If you add interval = "prediction"
, then you get the
vector of predicted values with a lower and upper limit given
uncertainty in the parameters plus residual
variance.
Note, R by default returns the 95% confidence interval. You can
change it by seting the argument level
to another
confidence level (e.g., level = 0.99
).
df <- data.frame(X=X, Y=Y, predict(lmd, interval = 'confidence'))
names(df)[4:5] <- c('conf_lwr', 'conf_upr')
df <- cbind(df, predict(lmd, interval = 'prediction')[,2:3])

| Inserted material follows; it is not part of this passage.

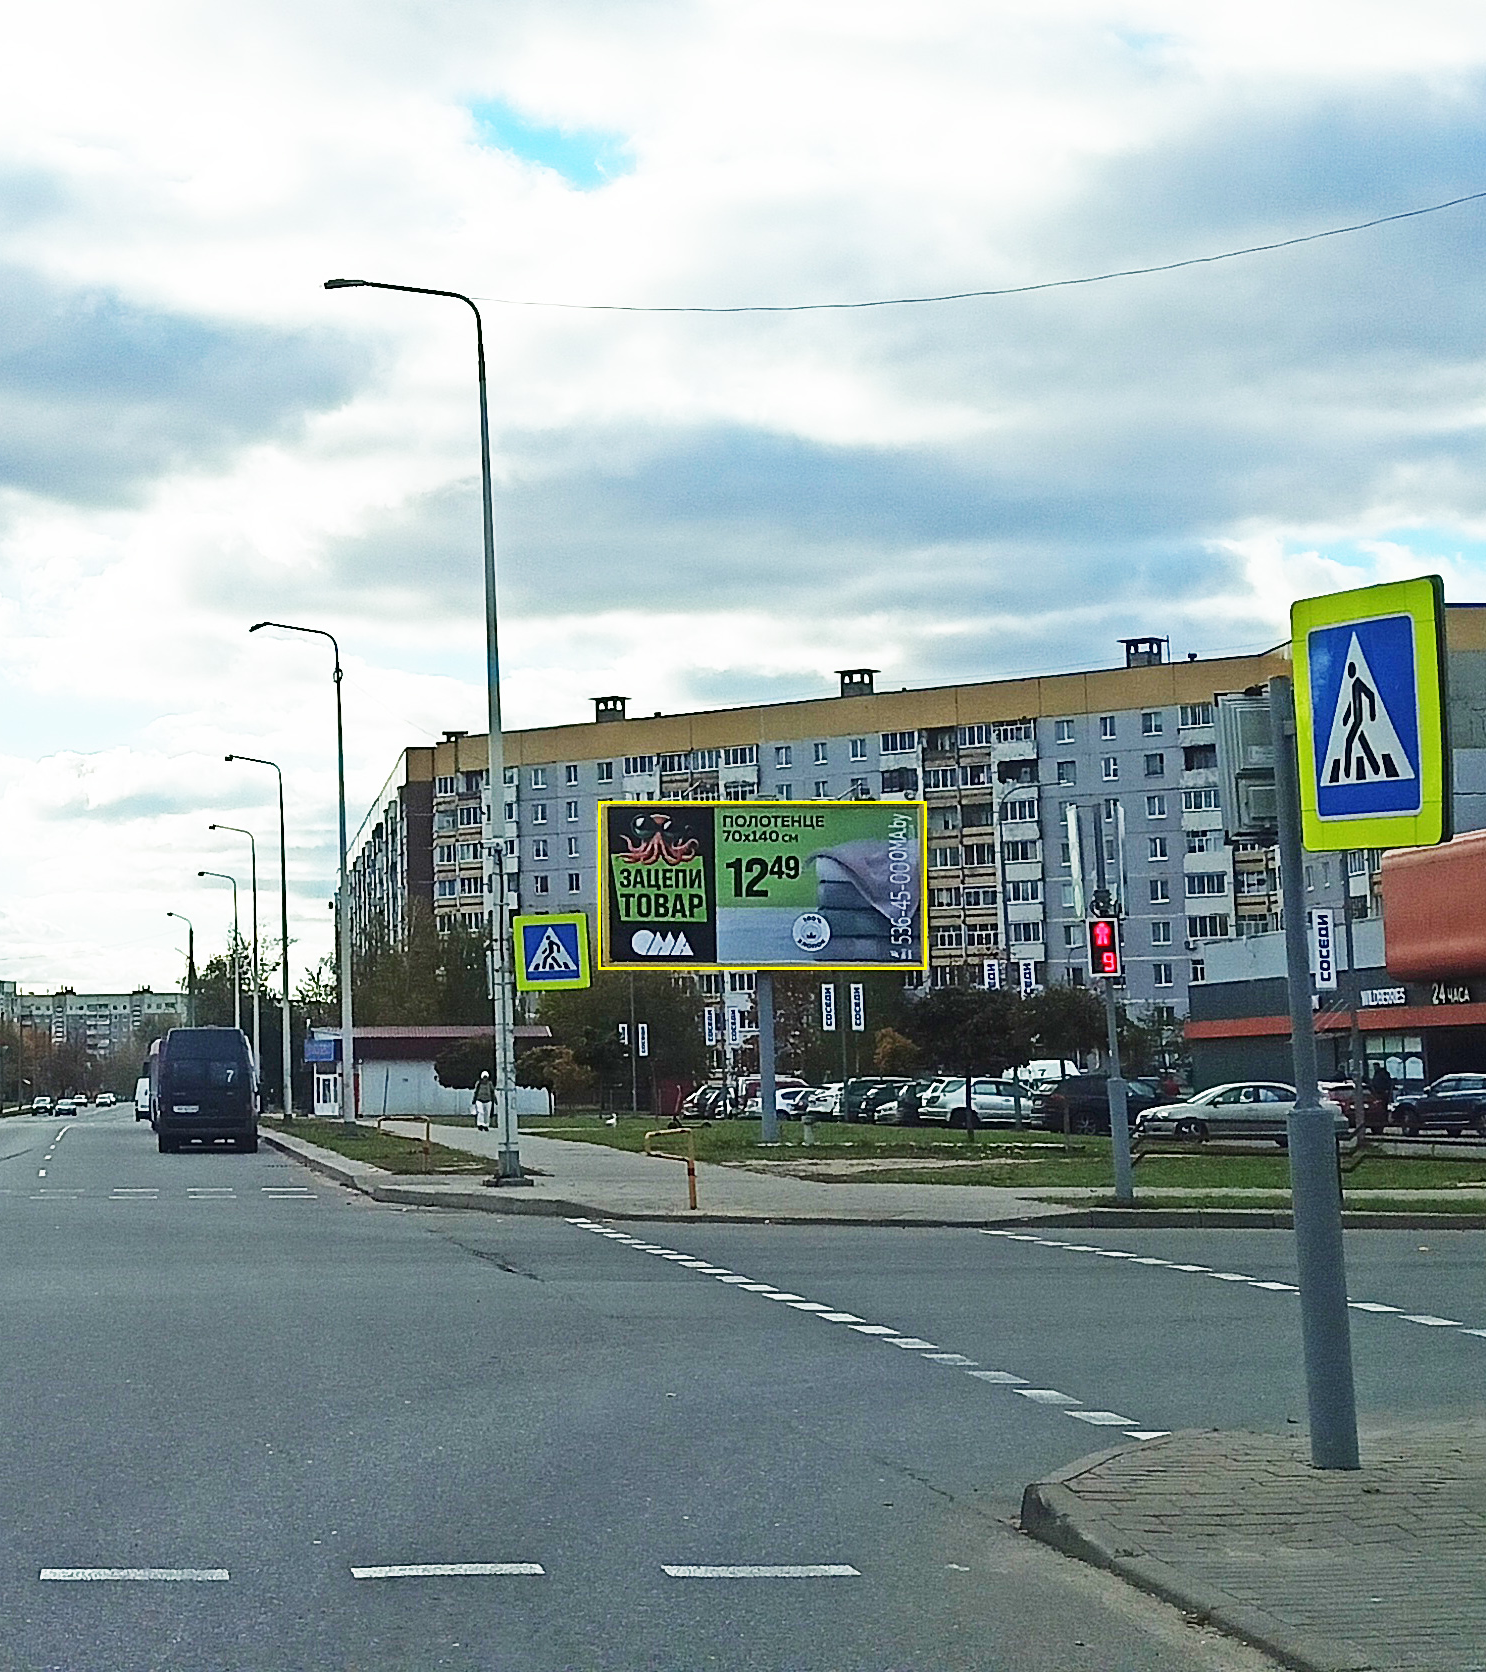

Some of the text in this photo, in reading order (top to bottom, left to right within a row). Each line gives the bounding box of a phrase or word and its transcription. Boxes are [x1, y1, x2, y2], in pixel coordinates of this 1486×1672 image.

## Warning in predict.lm(lmd, interval = "prediction"): predictions on current data refer to _future_ responses
names(df)[6:7] <- c('pred_lwr', 'pred_upr')

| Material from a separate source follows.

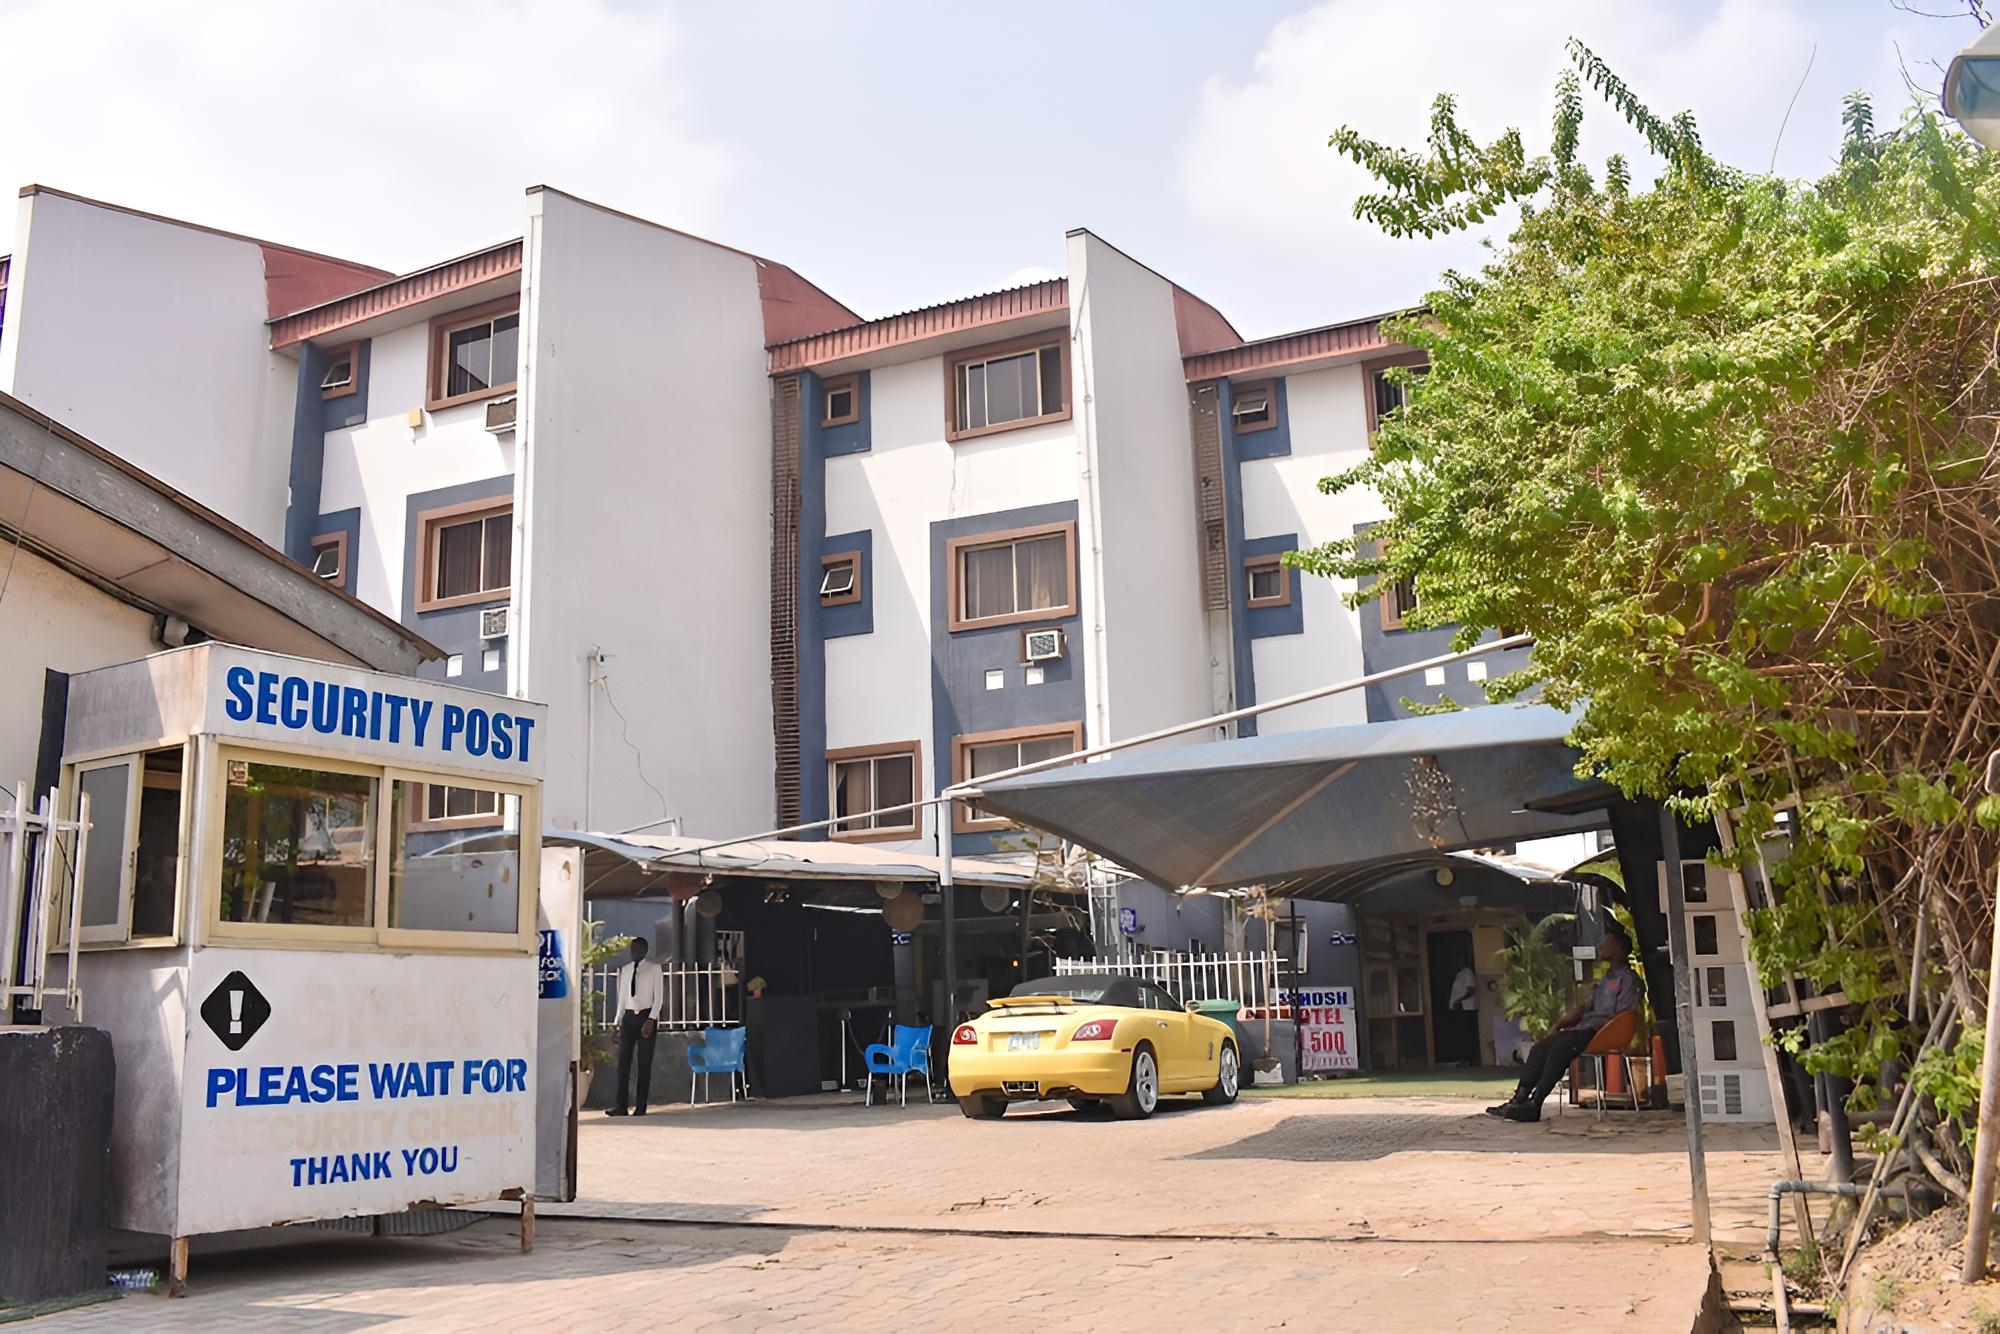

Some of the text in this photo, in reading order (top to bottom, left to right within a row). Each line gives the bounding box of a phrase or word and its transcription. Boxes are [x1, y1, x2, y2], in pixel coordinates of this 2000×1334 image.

[225, 666, 535, 763] SECURITY POST
[1299, 1007, 1345, 1025] OTEL
[206, 1058, 527, 1108] PLEASE WAIT FOR
[290, 1146, 459, 1187] THANK YOU

ggplot(df, aes(x = X, y = Y)) +
geom_point(col='gray')+
geom_line(aes(y=fit), col='black') +
geom_ribbon(aes(ymin=pred_lwr, ymax=pred_upr, fill="Prediction band"), alpha = 0.3) +
geom_ribbon(aes(ymin=conf_lwr, ymax=conf_upr, fill="Confidence band"), alpha = 0.6)
Now we will simulate a logistic regression model. The logit model is written as follows:
\[logit(Pr(Y=1)) = \mu\] \[ Pr(Y=1) = logit^{-1}(\mu)\] \[\mu = \beta_0 + \beta_1X\]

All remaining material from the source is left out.